All entries are to be copied exactly, with pictures removed.

== Exercise data

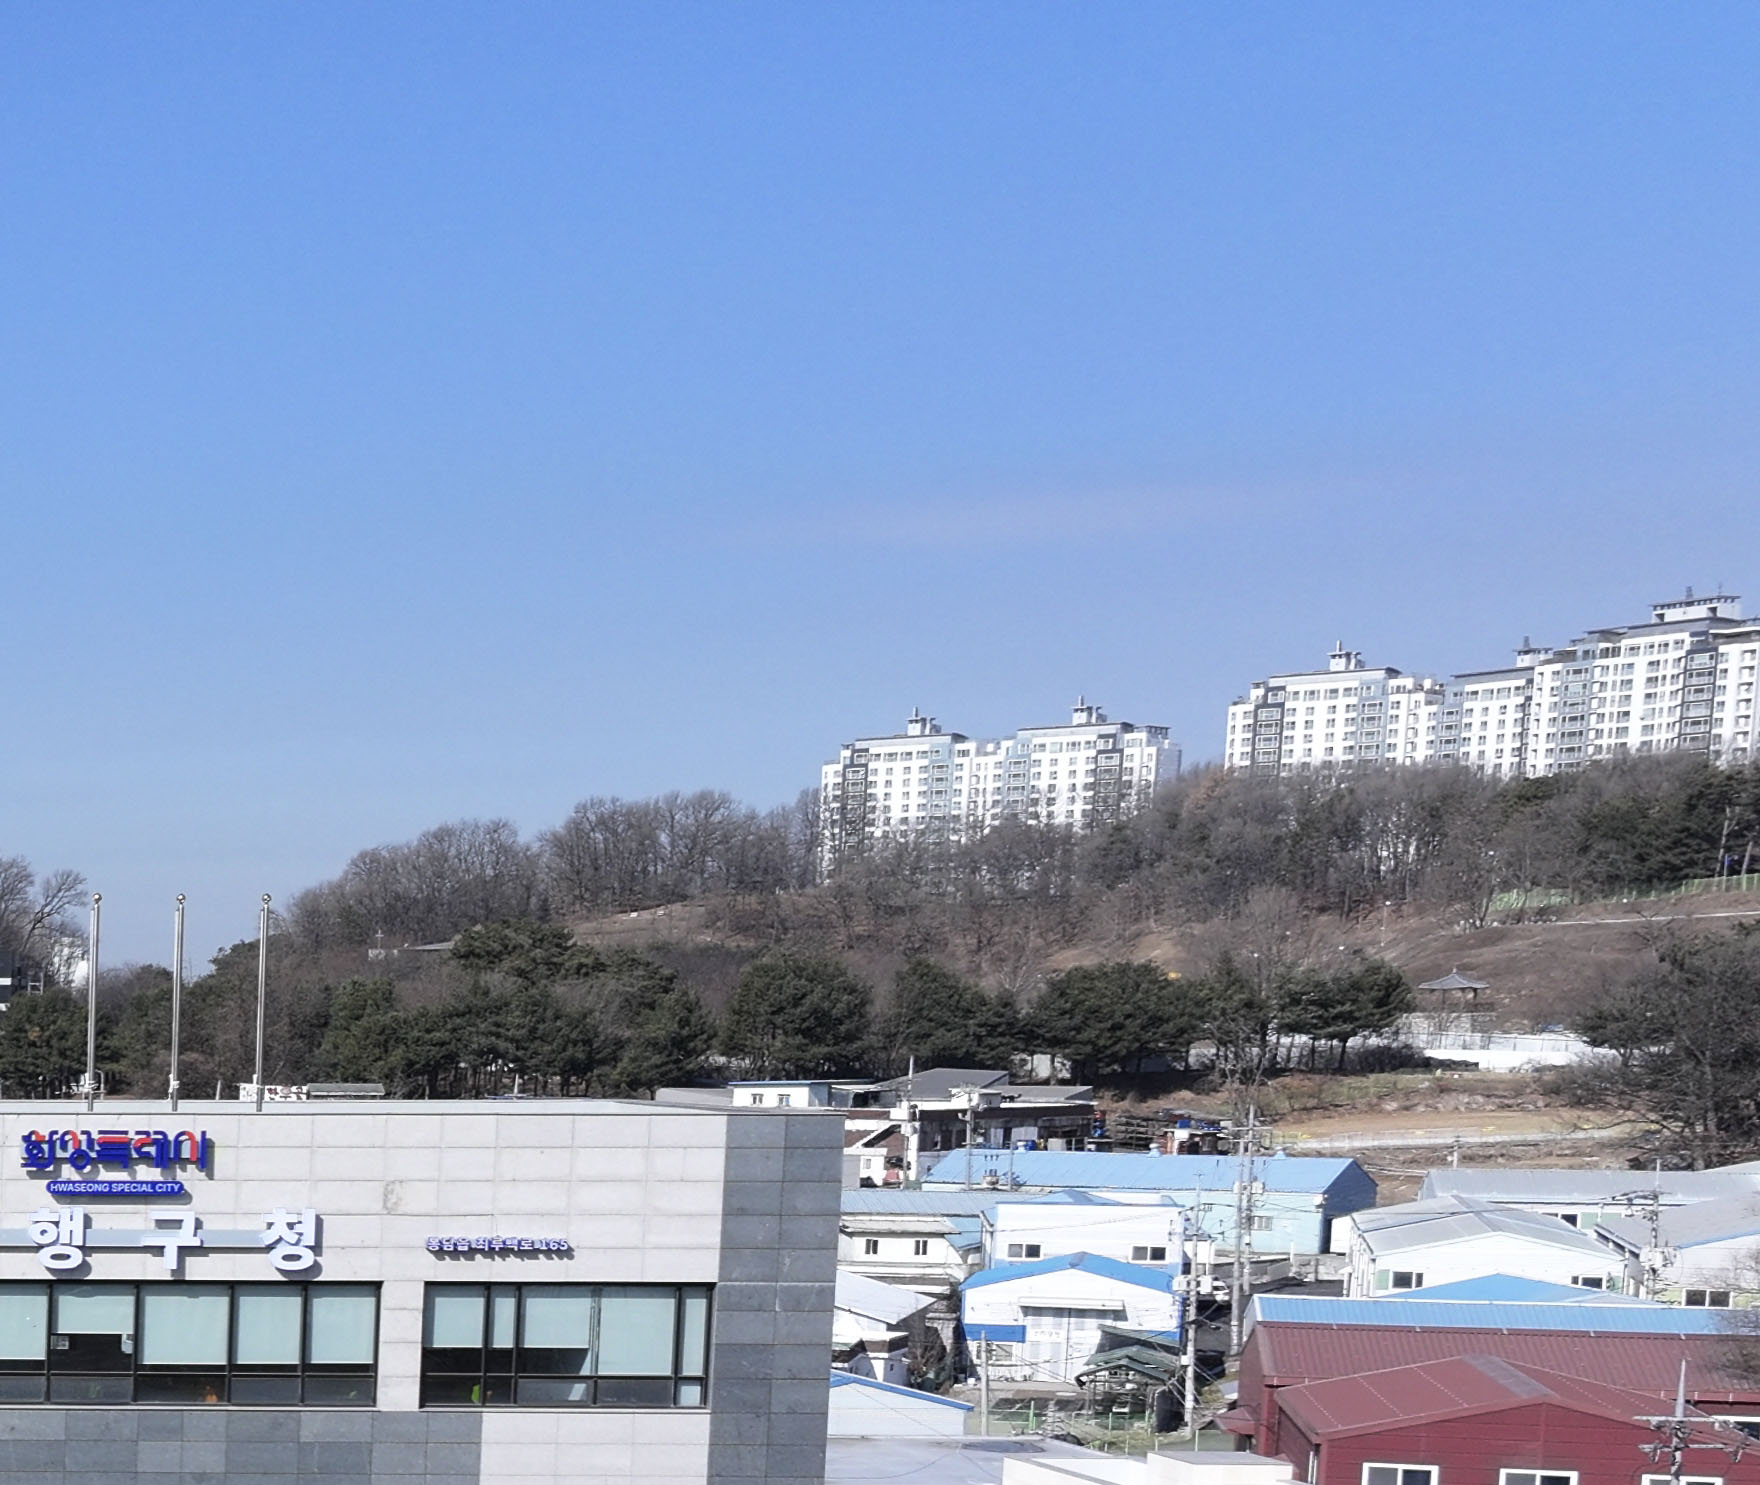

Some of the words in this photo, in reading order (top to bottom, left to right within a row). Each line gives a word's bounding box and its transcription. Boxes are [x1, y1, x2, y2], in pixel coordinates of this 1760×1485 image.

[20, 1129, 208, 1170] 화성특례시
[49, 1182, 110, 1194] HWASEONG
[110, 1182, 154, 1194] SPECIAL
[156, 1182, 181, 1194] CITY
[426, 1235, 470, 1251] 봉담읍
[539, 1238, 569, 1251] 165
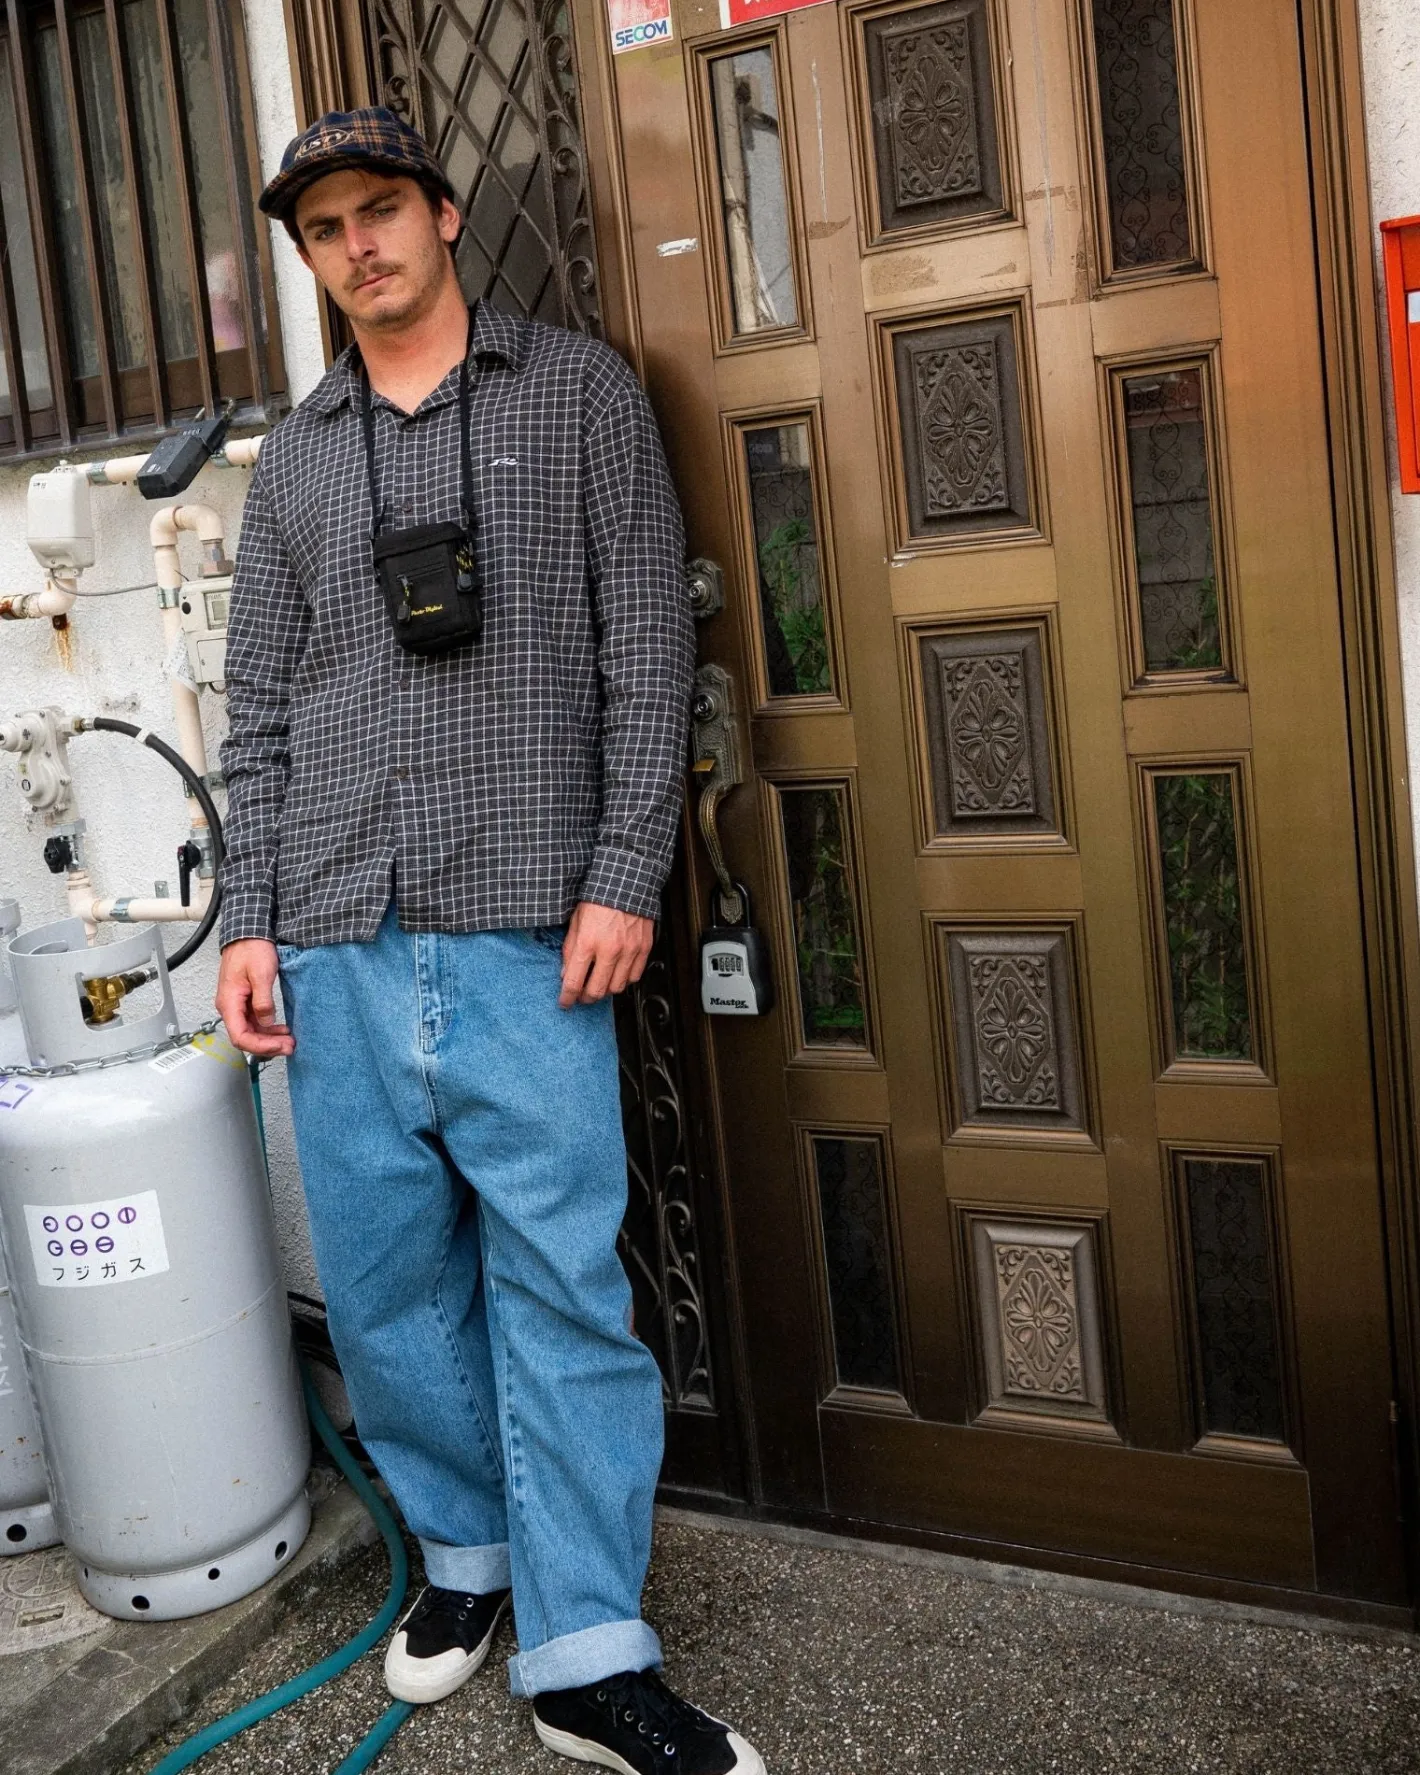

====

**Written response:**
Some of the words in this photo, in reading order (top to bottom, left to right within a row). Each line gives a word's bounding box and its transcription. Boxes are [x1, y1, x2, y2], in pixel coordinates of this 1760×1485 image.

[20, 1129, 208, 1170] 화성특례시
[49, 1182, 110, 1194] HWASEONG
[110, 1182, 154, 1194] SPECIAL
[156, 1182, 181, 1194] CITY
[426, 1235, 470, 1251] 봉담읍
[539, 1238, 569, 1251] 165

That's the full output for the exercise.